● Provided records:
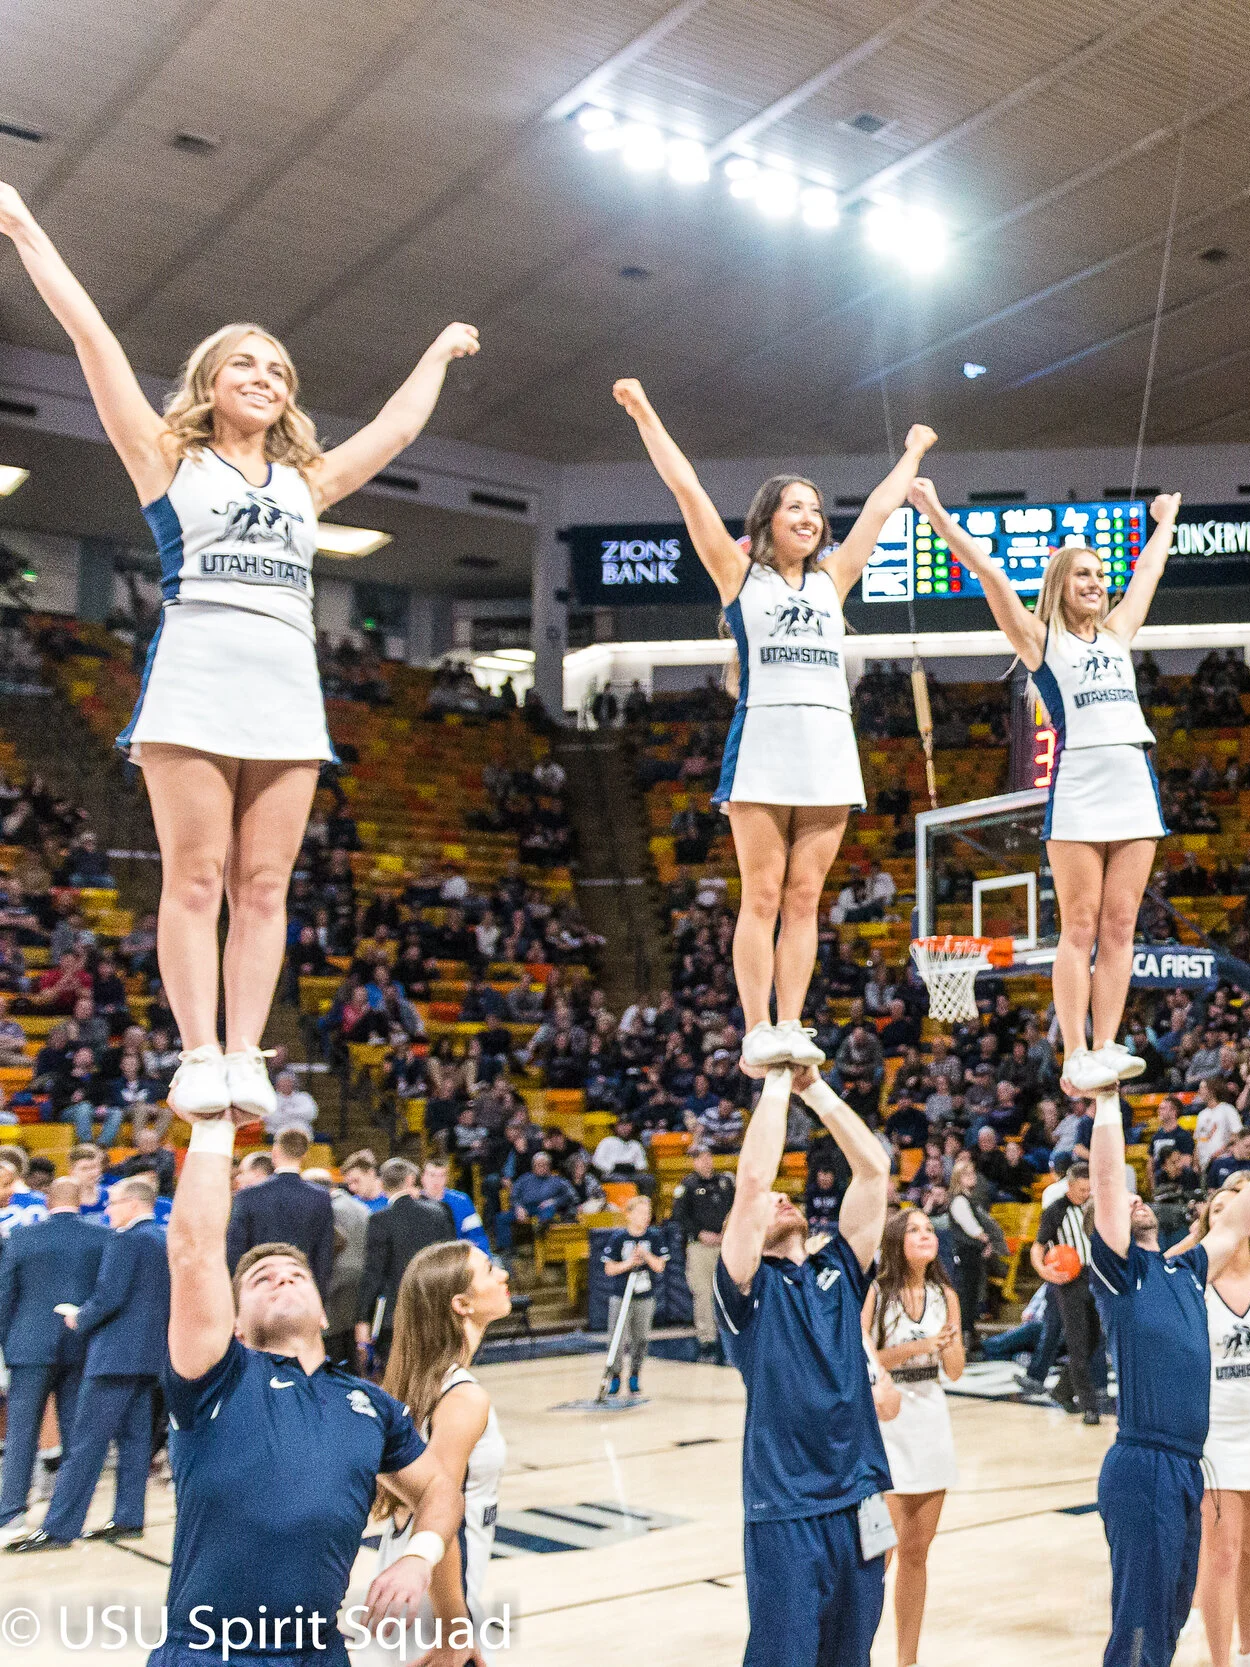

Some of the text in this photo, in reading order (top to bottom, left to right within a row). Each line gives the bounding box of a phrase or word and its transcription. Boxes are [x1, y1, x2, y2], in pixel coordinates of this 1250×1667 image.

[601, 538, 681, 561] ZIONS
[200, 553, 311, 588] UTAH STATE
[602, 561, 679, 585] BANK
[759, 644, 839, 669] UTAH STATE
[1131, 953, 1215, 978] CA FIRST

● About this exercise: After dropping every picture, transcribe each entry exactly.

● Completed task:
Some of the text in this photo, in reading order (top to bottom, left to right within a row). Each line gives the bounding box of a phrase or word and its transcription. Boxes are [x1, y1, x2, y2], in pixel coordinates of this 1250×1667 image.

[601, 538, 681, 561] ZIONS
[200, 553, 311, 588] UTAH STATE
[602, 561, 679, 585] BANK
[759, 644, 839, 669] UTAH STATE
[1131, 953, 1215, 978] CA FIRST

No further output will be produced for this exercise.